By 1995 many different issues had appeared on the market, priced well over their intrinsic metal value and some in limited editions promoted as rarities. However, the numismatic market did not support these high prices and by 1993 many could be acquired on the secondary market at considerably less, sometimes less than 50% of original cost.
One side effect of this was that it caused the prices of classic commemoratives to drop in the numismatic market, even though these earlier issues had been avidly collected for decades.
A committee was formed to investigate the situation. I was a part of a delegation representing numismatic interests that was invited to a hearing held by the Congressional Banking Committee in 1995, chaired by Representative Mike Castle of Delaware. Each member of the numismatic delegation spoke of how the excessive prices and abundance of new issues from the Mint were negatively impacting the hobby and discouraging collectors.
After our testimony, I was asked by Representative Castle if I had any suggestions to improve the situation. I responded that many collectors started collecting coins from circulation, filled albums with different dates and mints, and developed an interest in pursuing numismatics. Often this early interest would expand to earlier material than that found in daily change. I recommended to Castle’s committee that the Mint should start a program issuing a commemorative quarter honoring each state in the Union. These could be issued in the order of their admission to the United States and include the date they joined and graphics including the capital and some product or event that each state is known for. But, I felt it was most important that these coins be released at face value, with no premium attached. In this way a coin with historical significance could be collected without prohibitive cost by anyone who could find the pieces in circulation. It would encourage novices, entice collectors back into the market and keep the hobby alive and well.

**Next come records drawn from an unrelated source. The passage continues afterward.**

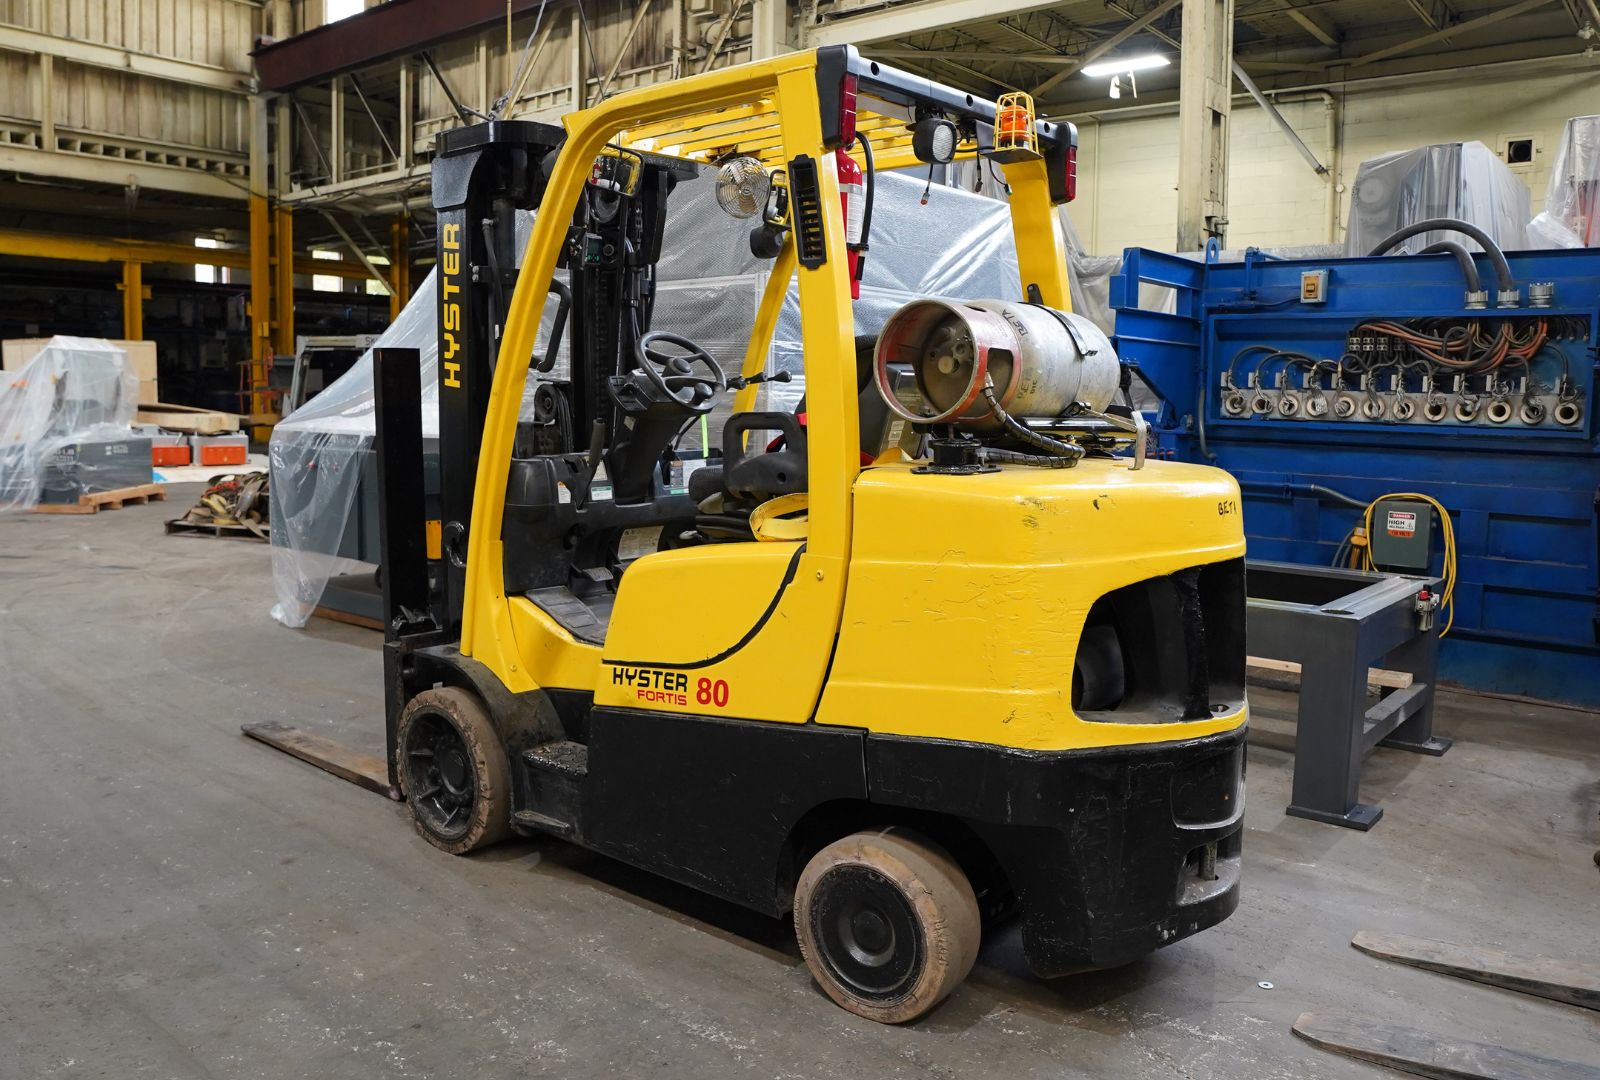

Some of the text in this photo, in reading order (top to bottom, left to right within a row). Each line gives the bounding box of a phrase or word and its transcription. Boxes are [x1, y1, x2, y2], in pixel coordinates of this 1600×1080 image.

[443, 223, 461, 388] HYSTER
[1002, 309, 1028, 336] BETA
[613, 667, 688, 693] HYSTER
[696, 677, 729, 708] 80
[637, 690, 687, 706] FORTIS
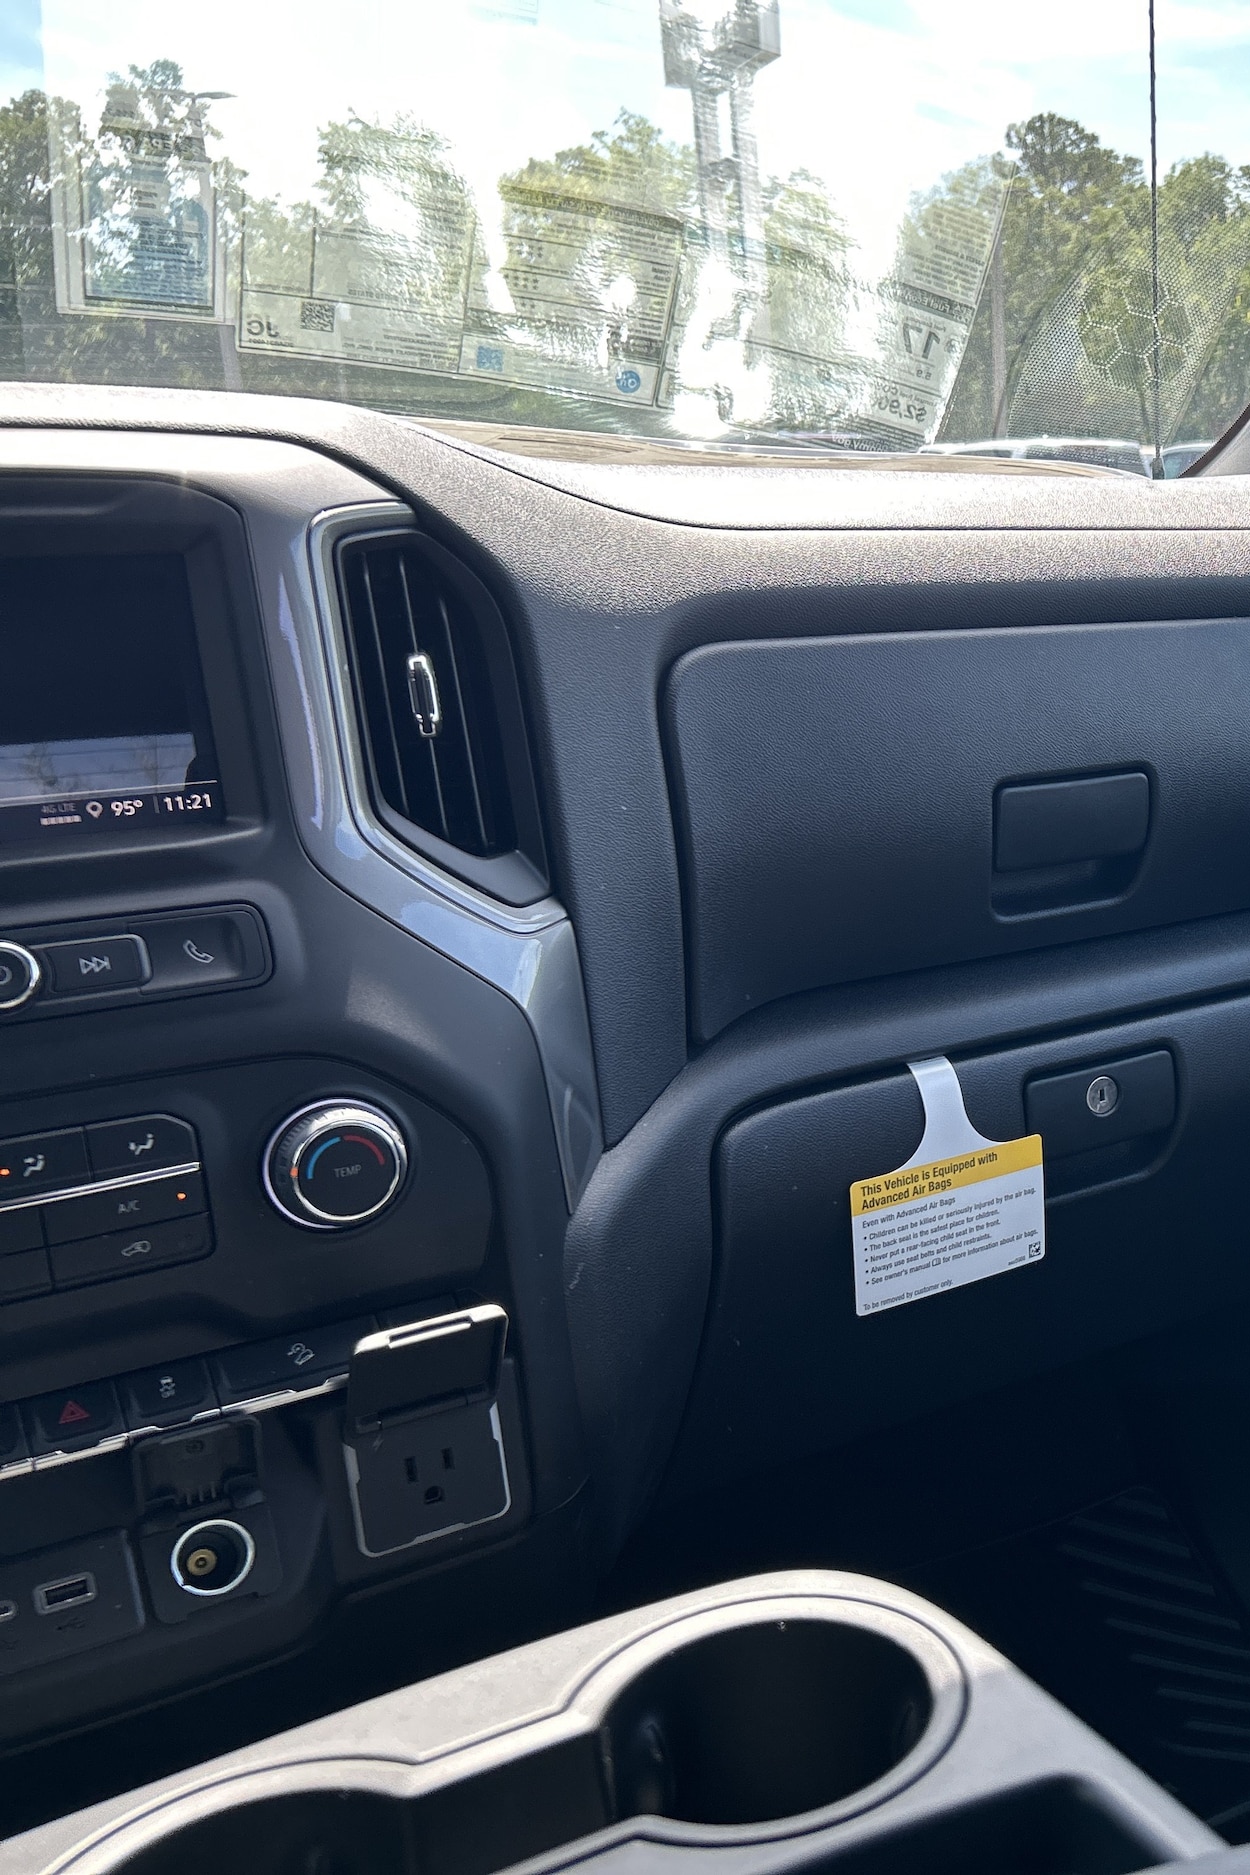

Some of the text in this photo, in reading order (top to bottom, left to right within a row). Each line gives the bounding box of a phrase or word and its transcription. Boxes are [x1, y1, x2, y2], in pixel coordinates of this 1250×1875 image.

[110, 793, 212, 816] 95° 11:21
[334, 1164, 362, 1179] TEMP
[861, 1152, 998, 1198] This Vehicle is Equipped with
[118, 1200, 141, 1214] A/C
[861, 1177, 952, 1211] Advanced Air Bags
[862, 1197, 956, 1229] Even with Advanced Air Bags
[869, 1228, 896, 1240] Children
[897, 1223, 909, 1232] can
[910, 1221, 918, 1229] be
[919, 1215, 937, 1226] killed
[946, 1206, 973, 1219] seriously
[974, 1198, 995, 1210] injured
[1004, 1194, 1014, 1202] the
[1015, 1190, 1023, 1198] air
[1023, 1187, 1036, 1196] bag.
[869, 1243, 881, 1252] The
[883, 1238, 897, 1248] back
[898, 1234, 912, 1243] seat
[912, 1231, 918, 1239] is
[919, 1228, 929, 1236] the
[930, 1223, 948, 1234] safest
[949, 1219, 965, 1230] place
[975, 1209, 1000, 1221] children.
[870, 1252, 888, 1263] Never
[889, 1248, 900, 1258] put
[906, 1237, 939, 1252] rear-facing
[940, 1232, 954, 1242] child
[955, 1228, 968, 1238] seat
[968, 1226, 974, 1234] in
[986, 1218, 1001, 1229] front.
[871, 1262, 893, 1274] Always
[894, 1259, 905, 1267] use
[906, 1254, 919, 1263] seat
[920, 1250, 935, 1259] belts
[936, 1246, 947, 1254] and
[948, 1241, 962, 1251] child
[871, 1276, 883, 1285] See
[884, 1269, 908, 1281] owner's
[909, 1261, 931, 1273] manual
[943, 1255, 951, 1263] for
[951, 1251, 967, 1261] more
[967, 1241, 999, 1256] information
[1000, 1235, 1015, 1246] about
[863, 1303, 871, 1311] To
[872, 1301, 879, 1309] be
[880, 1293, 905, 1307] removed
[906, 1291, 913, 1299] by
[914, 1282, 940, 1296] customer

Castle loved the idea. An act of Congress adopted the concept and the first five coins, with reverses honoring Delaware, Pennsylvania, New Jersey, Georgia and Connecticut, appeared in circulation in 1999. Washington quarters from 1932 to 1998 would still circulate with Washington’s portrait on the obverse and the eagle on the reverse, but now pocket change would include these Statehood quarters. Interesting and historical coin designs would now be part of daily circulation. But apparently this has not happened as planned.

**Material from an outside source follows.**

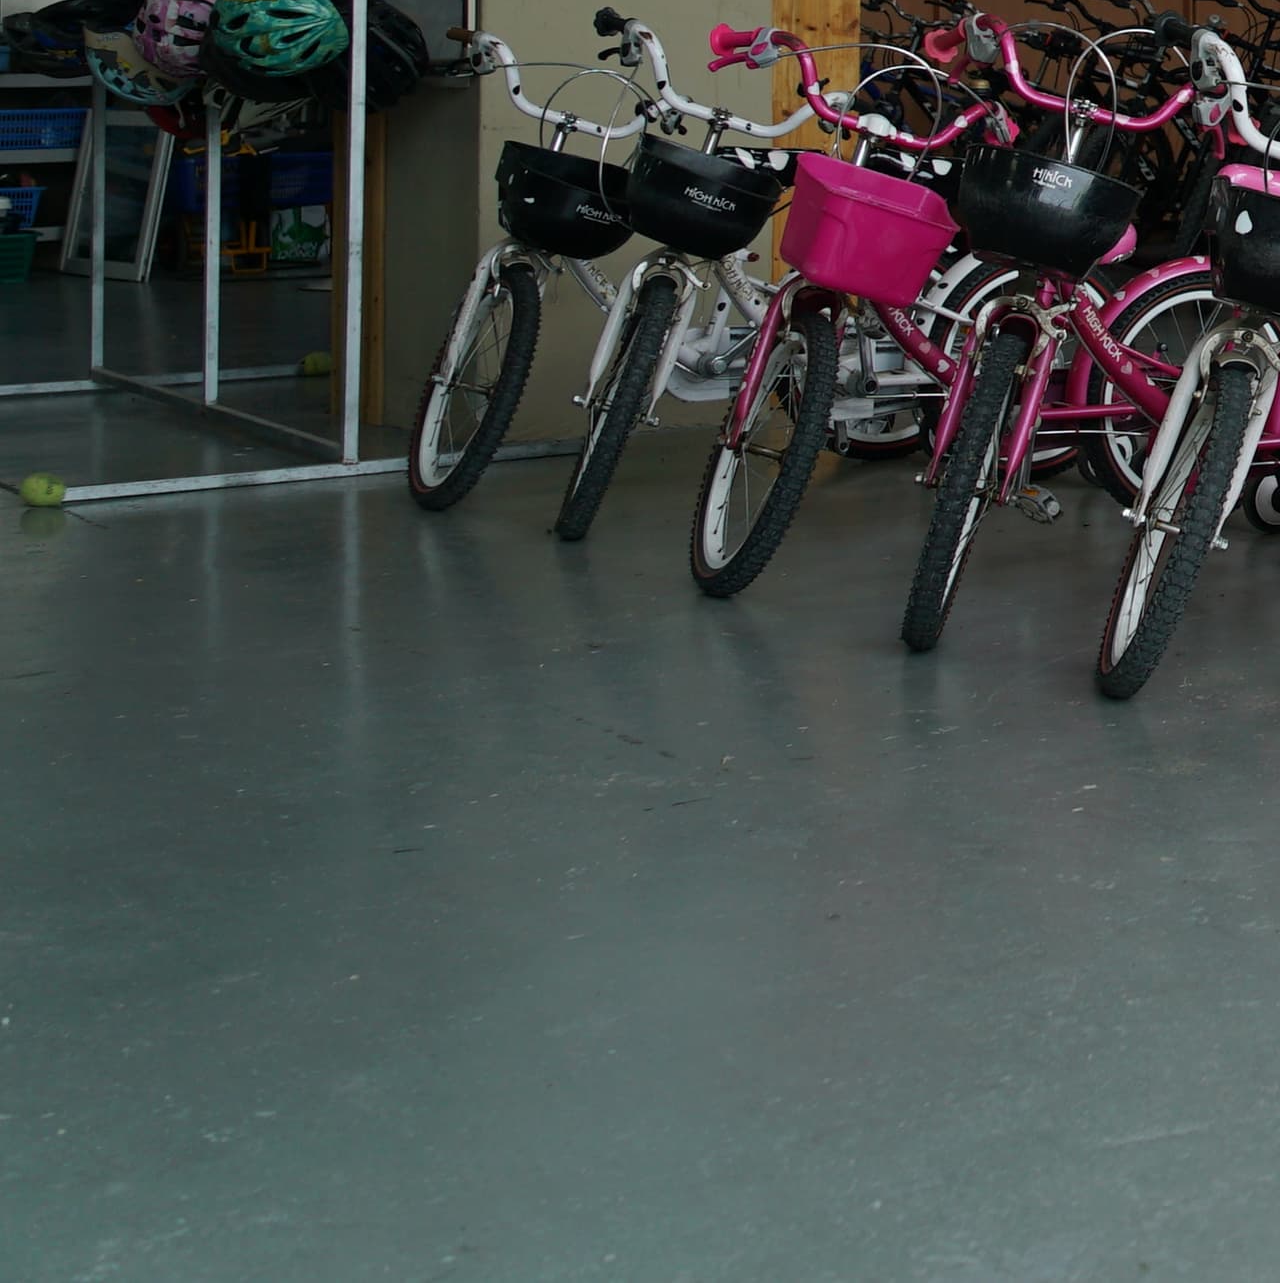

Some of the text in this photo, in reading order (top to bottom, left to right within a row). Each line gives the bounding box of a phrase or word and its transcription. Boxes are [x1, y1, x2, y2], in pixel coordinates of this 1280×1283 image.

[576, 204, 603, 217] HIGH
[684, 185, 737, 213] HIGH KICK
[1083, 305, 1123, 363] HIGH KICK

When I search my daily change today, it seems that the earlier Washington/eagle reverse quarters are not being replaced by the Statehood quarters issued from 1999-2008, According to Mint records, tens of billions of the State Reverse quarters were struck, however the distribution seemed to lack any emphasis by the Mint, Federal Reserve or local banks.
Where are all the State Reverse quarters? They seem to be rare in circulation, even a decade and a half after the first ones were issued. It is a mystery to me as they are the same size as the older quarters and still work in vending and slot machines. Are they still in storage, with the billions of earlier Washington quarters piled on top? (Of course, many quarters made between 1932 to 1964 were melted as their silver value exceeded their face value and are unlikely to be found in commerce today).

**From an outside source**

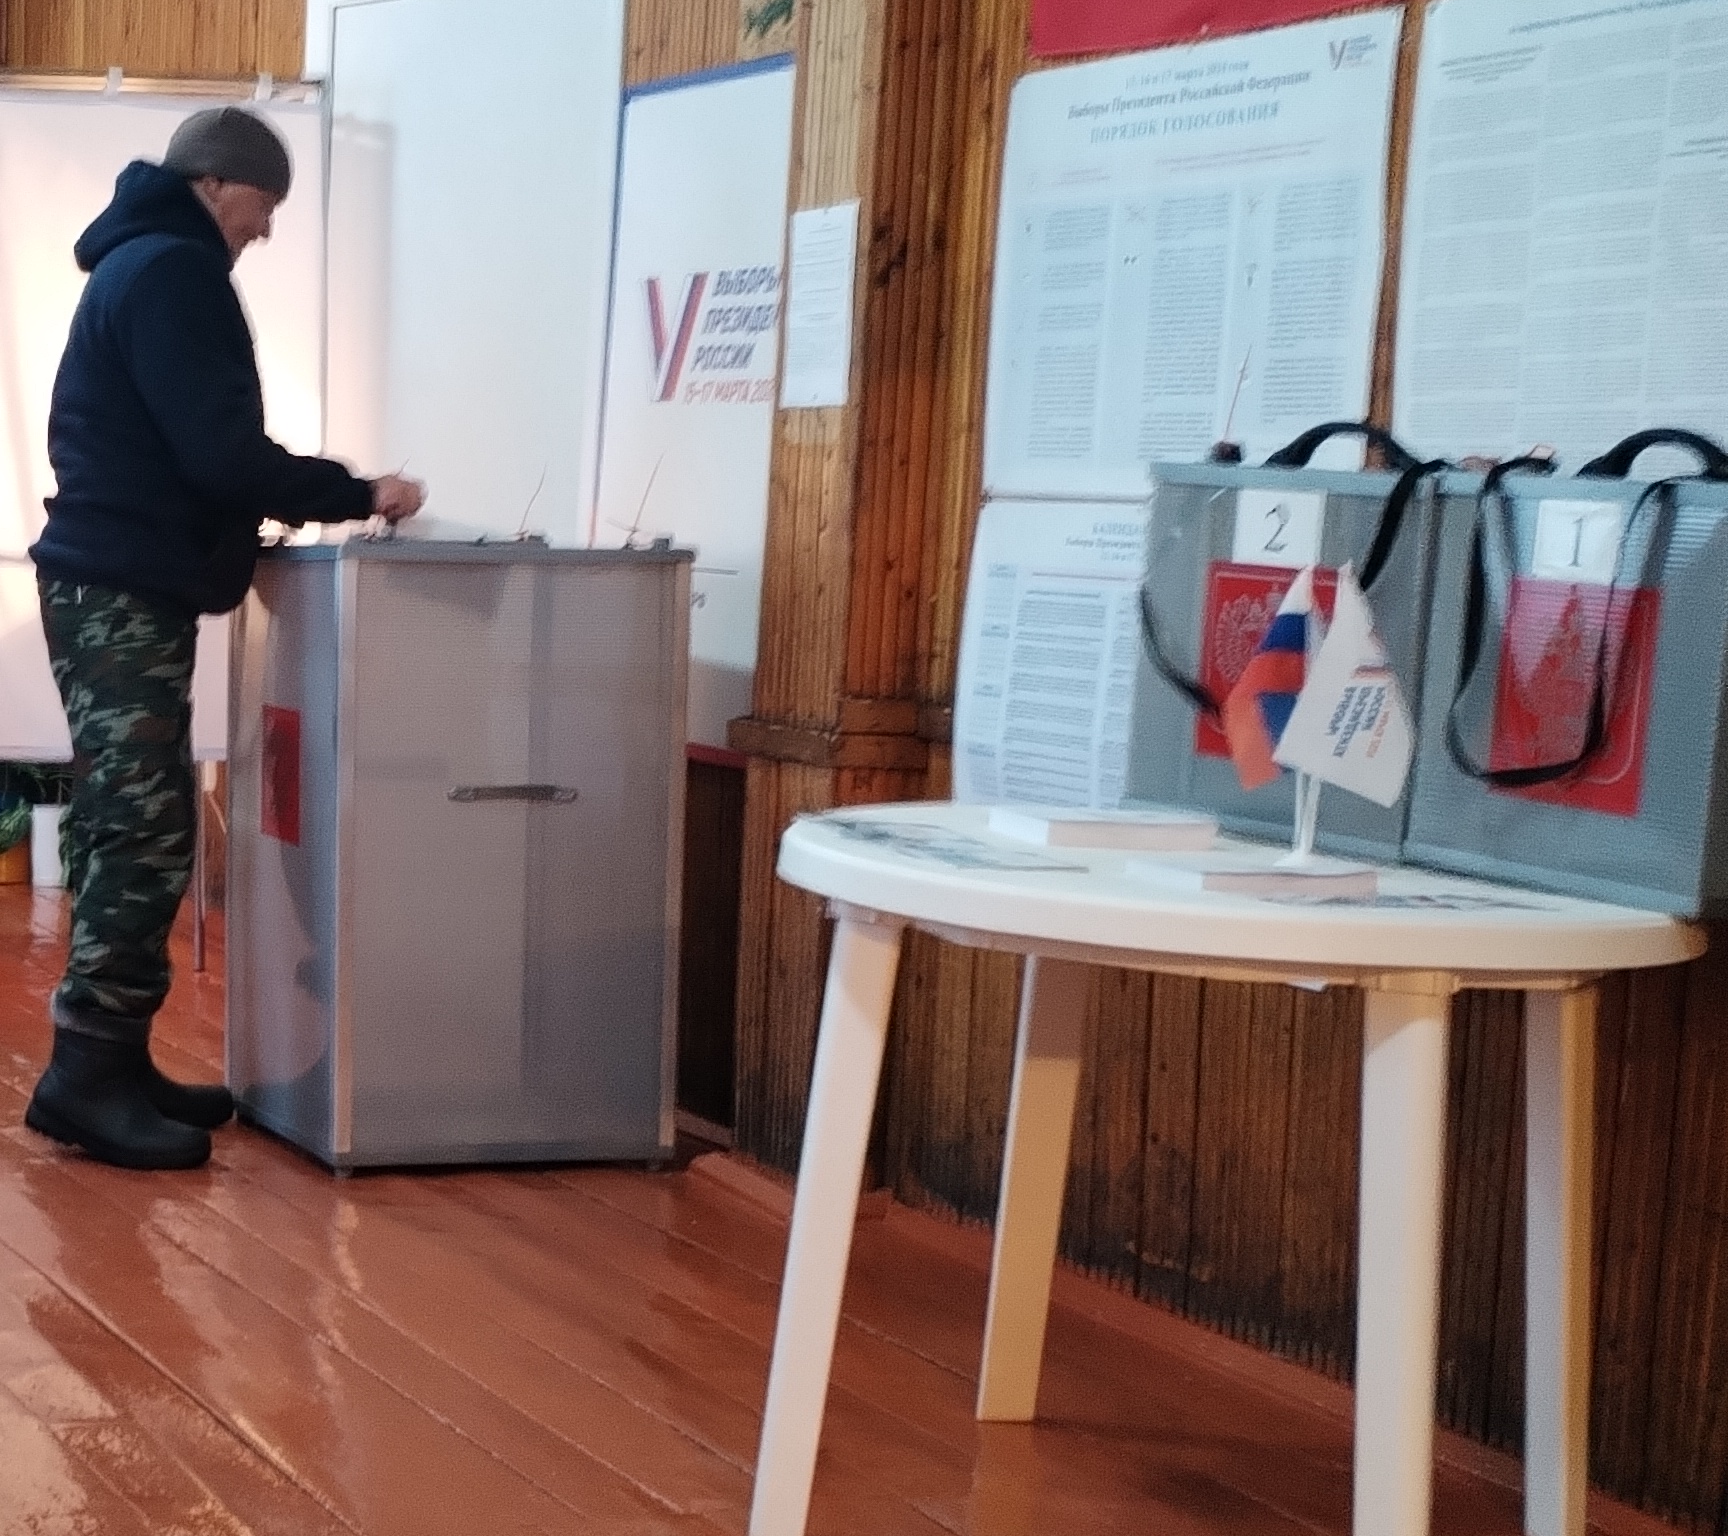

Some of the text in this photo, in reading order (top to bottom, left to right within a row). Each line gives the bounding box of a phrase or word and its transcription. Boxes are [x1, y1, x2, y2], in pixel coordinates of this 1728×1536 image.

I suggest that readers start reviewing their change and see how many Statehood quarters are found. Additionally, for the State quarters that are located, check to see which states are most represented. Are there some State Reverse issues that show up a lot more than others? Are they more likely to be found in certain locations? It would be interesting to find answers for these questions.
I am aware that recently many major dealers have advertised Statehood quarter sets — 84 different pieces from various U.S. Mints — in Mint State condition for a few pennies over face value. They were able to find them, but why don’t I see them all the time in general commercial use? So, as I asked at the beginning of this article: Where are the Statehood quarters and why can’t they be readily found in circulation? A real 21st century mystery.